*Your objective*.
Could you transcribe every record below exactly as it stands?

*Data provided*.
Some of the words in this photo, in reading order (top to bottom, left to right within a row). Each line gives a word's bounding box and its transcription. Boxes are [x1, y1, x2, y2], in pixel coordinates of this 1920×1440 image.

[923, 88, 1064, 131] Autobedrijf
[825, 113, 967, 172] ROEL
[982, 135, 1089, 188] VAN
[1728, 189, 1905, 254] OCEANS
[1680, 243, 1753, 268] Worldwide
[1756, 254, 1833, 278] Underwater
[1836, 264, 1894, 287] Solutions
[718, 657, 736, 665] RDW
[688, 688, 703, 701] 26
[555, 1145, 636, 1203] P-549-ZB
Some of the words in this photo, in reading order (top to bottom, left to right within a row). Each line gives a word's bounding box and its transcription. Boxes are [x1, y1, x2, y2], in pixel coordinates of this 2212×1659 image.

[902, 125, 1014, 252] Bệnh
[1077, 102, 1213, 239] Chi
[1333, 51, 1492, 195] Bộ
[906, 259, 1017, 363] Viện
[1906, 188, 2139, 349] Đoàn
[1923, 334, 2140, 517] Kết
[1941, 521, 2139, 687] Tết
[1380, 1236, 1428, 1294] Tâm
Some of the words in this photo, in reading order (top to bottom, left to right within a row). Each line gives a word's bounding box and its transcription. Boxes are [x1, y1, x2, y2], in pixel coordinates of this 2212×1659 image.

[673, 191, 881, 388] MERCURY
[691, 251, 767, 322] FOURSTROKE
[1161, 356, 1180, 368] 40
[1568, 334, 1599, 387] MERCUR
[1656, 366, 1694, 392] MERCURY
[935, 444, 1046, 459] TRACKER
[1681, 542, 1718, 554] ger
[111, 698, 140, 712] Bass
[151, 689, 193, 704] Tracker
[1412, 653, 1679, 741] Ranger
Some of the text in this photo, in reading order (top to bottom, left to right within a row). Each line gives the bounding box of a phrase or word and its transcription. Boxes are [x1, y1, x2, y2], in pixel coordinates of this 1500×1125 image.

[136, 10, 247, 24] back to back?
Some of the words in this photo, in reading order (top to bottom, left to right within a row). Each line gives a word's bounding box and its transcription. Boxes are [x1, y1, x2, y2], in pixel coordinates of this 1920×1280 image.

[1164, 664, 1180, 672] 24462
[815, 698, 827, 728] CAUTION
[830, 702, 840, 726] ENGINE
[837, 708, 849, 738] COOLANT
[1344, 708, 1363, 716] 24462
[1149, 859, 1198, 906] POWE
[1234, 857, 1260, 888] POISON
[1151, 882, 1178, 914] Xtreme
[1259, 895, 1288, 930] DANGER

*Expected output*.
Some of the words in this photo, in reading order (top to bottom, left to right within a row). Each line gives a word's bounding box and its transcription. Boxes are [x1, y1, x2, y2], in pixel coordinates of this 1920×1440 image.

[923, 88, 1064, 131] Autobedrijf
[825, 113, 967, 172] ROEL
[982, 135, 1089, 188] VAN
[1728, 189, 1905, 254] OCEANS
[1680, 243, 1753, 268] Worldwide
[1756, 254, 1833, 278] Underwater
[1836, 264, 1894, 287] Solutions
[718, 657, 736, 665] RDW
[688, 688, 703, 701] 26
[555, 1145, 636, 1203] P-549-ZB
Some of the words in this photo, in reading order (top to bottom, left to right within a row). Each line gives a word's bounding box and its transcription. Boxes are [x1, y1, x2, y2], in pixel coordinates of this 2212×1659 image.

[902, 125, 1014, 252] Bệnh
[1077, 102, 1213, 239] Chi
[1333, 51, 1492, 195] Bộ
[906, 259, 1017, 363] Viện
[1906, 188, 2139, 349] Đoàn
[1923, 334, 2140, 517] Kết
[1941, 521, 2139, 687] Tết
[1380, 1236, 1428, 1294] Tâm
Some of the words in this photo, in reading order (top to bottom, left to right within a row). Each line gives a word's bounding box and its transcription. Boxes are [x1, y1, x2, y2], in pixel coordinates of this 2212×1659 image.

[673, 191, 881, 388] MERCURY
[691, 251, 767, 322] FOURSTROKE
[1161, 356, 1180, 368] 40
[1568, 334, 1599, 387] MERCUR
[1656, 366, 1694, 392] MERCURY
[935, 444, 1046, 459] TRACKER
[1681, 542, 1718, 554] ger
[111, 698, 140, 712] Bass
[151, 689, 193, 704] Tracker
[1412, 653, 1679, 741] Ranger
Some of the text in this photo, in reading order (top to bottom, left to right within a row). Each line gives the bounding box of a phrase or word and its transcription. Boxes are [x1, y1, x2, y2], in pixel coordinates of this 1500×1125 image.

[136, 10, 247, 24] back to back?
Some of the words in this photo, in reading order (top to bottom, left to right within a row). Each line gives a word's bounding box and its transcription. Boxes are [x1, y1, x2, y2], in pixel coordinates of this 1920×1280 image.

[1164, 664, 1180, 672] 24462
[815, 698, 827, 728] CAUTION
[830, 702, 840, 726] ENGINE
[837, 708, 849, 738] COOLANT
[1344, 708, 1363, 716] 24462
[1149, 859, 1198, 906] POWE
[1234, 857, 1260, 888] POISON
[1151, 882, 1178, 914] Xtreme
[1259, 895, 1288, 930] DANGER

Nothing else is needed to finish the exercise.